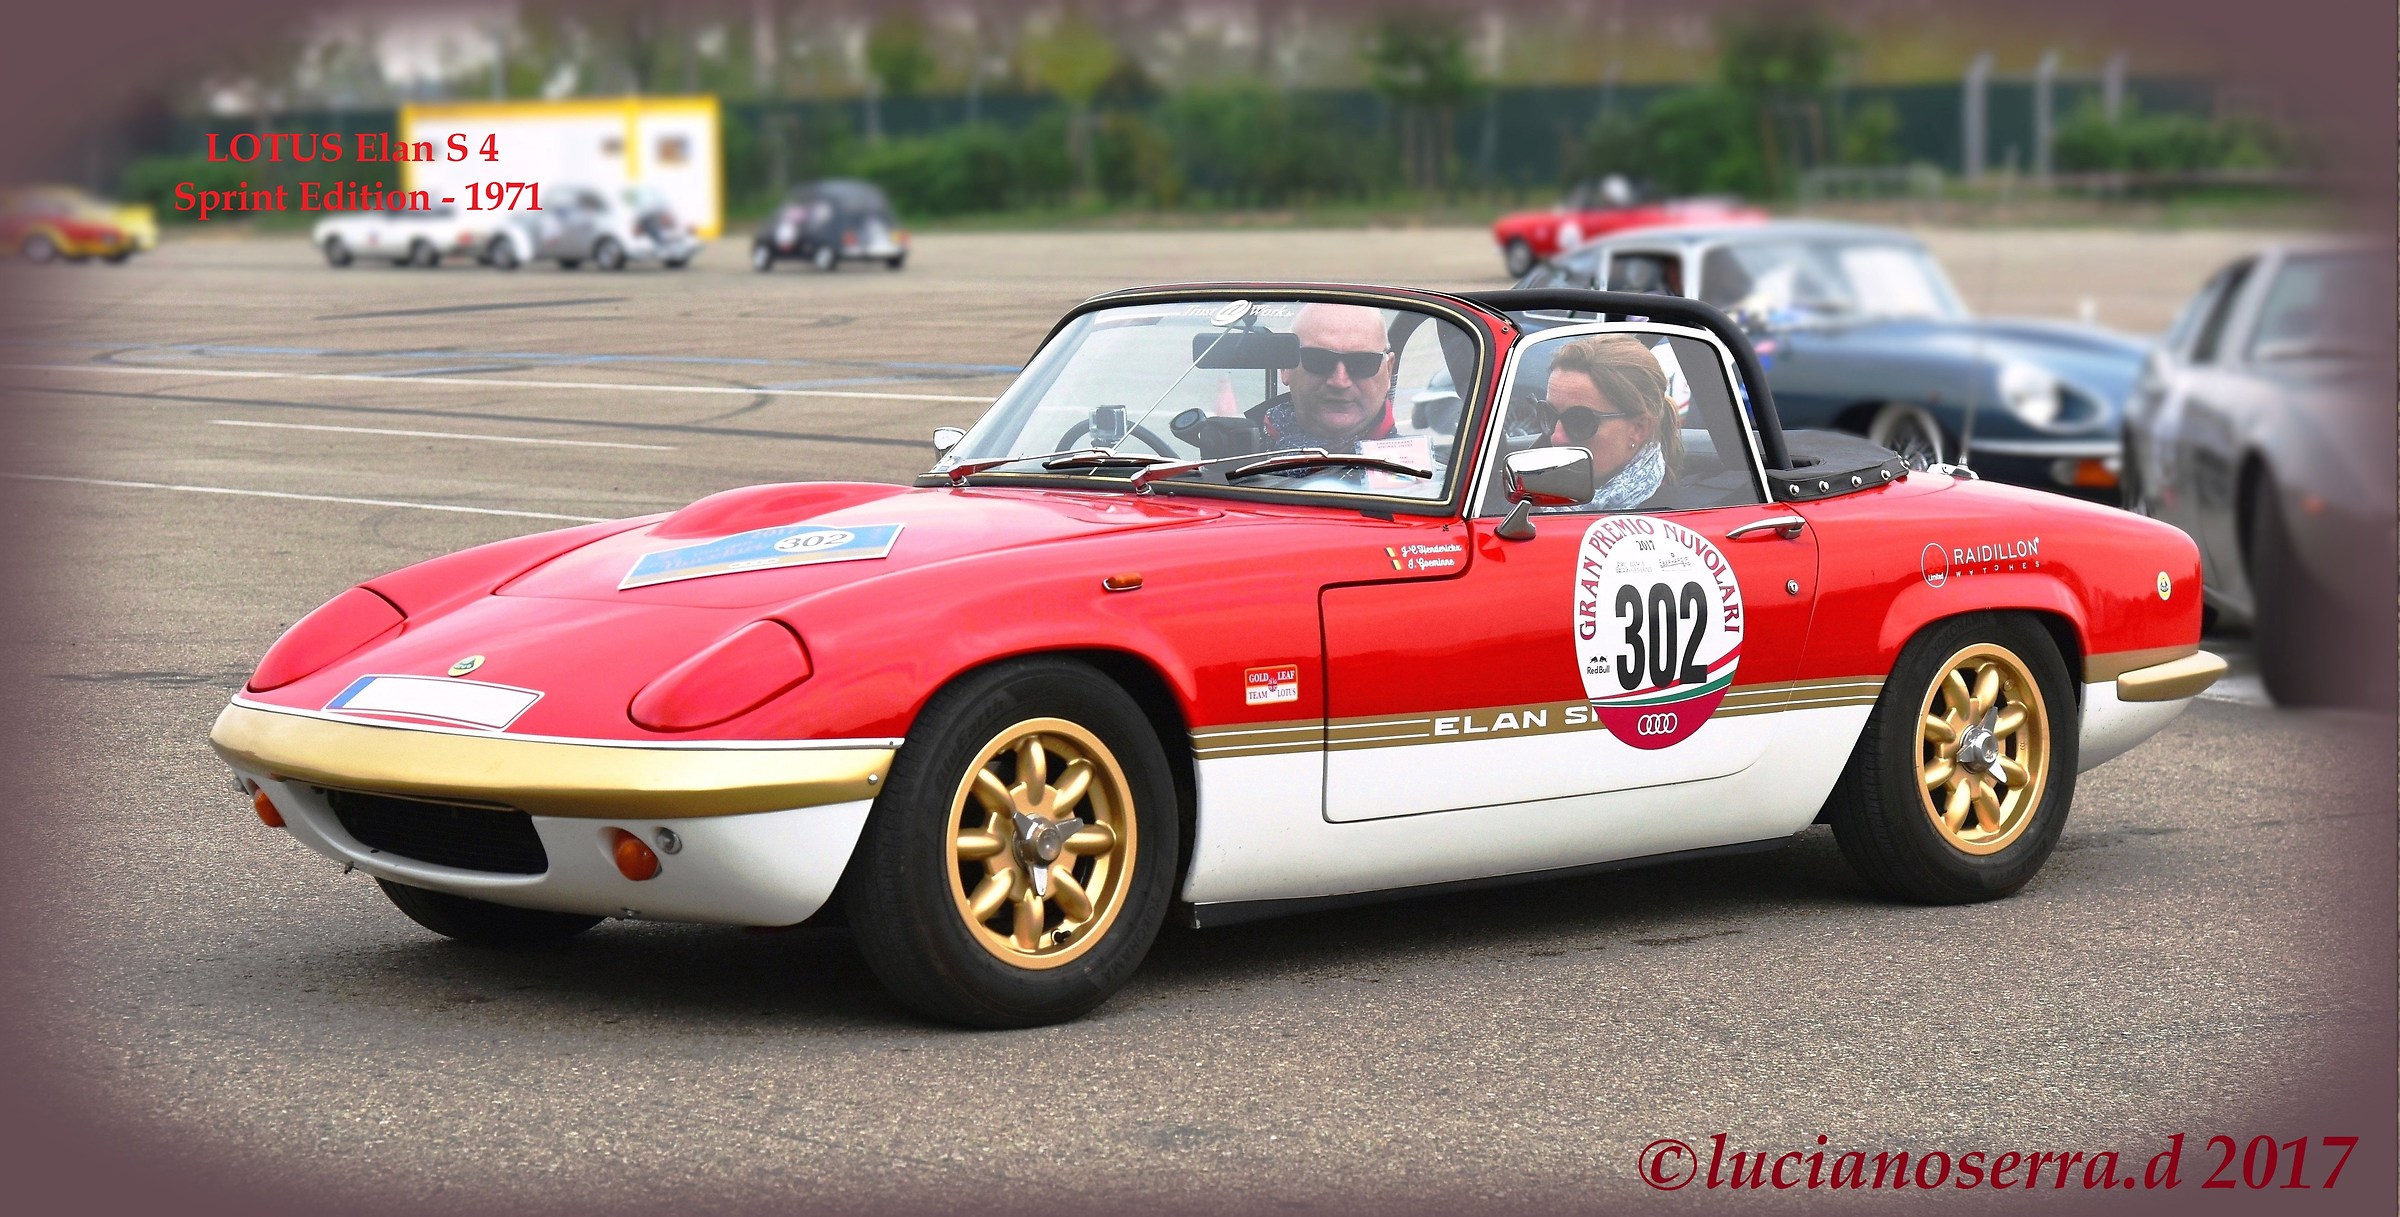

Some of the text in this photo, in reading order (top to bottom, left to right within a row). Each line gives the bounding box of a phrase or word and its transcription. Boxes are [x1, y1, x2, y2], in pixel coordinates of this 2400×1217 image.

[778, 533, 848, 550] 302
[1636, 540, 1656, 551] 2017
[1579, 518, 1740, 641] GRAN PREMIO NUVOLARI
[1615, 581, 1708, 691] 302
[1249, 670, 1295, 683] GOLD LEAF
[1249, 688, 1296, 700] TEAM LOTUS
[1434, 709, 1547, 736] ELAN

WORK TASK -
When you copy the data above, reproduce each line exactly and skip every image.

EXERCISE SOLUTION -
Some of the text in this photo, in reading order (top to bottom, left to right within a row). Each line gives the bounding box of a phrase or word and its transcription. Boxes are [x1, y1, x2, y2], in pixel coordinates of this 2400×1217 image.

[778, 533, 848, 550] 302
[1636, 540, 1656, 551] 2017
[1579, 518, 1740, 641] GRAN PREMIO NUVOLARI
[1615, 581, 1708, 691] 302
[1249, 670, 1295, 683] GOLD LEAF
[1249, 688, 1296, 700] TEAM LOTUS
[1434, 709, 1547, 736] ELAN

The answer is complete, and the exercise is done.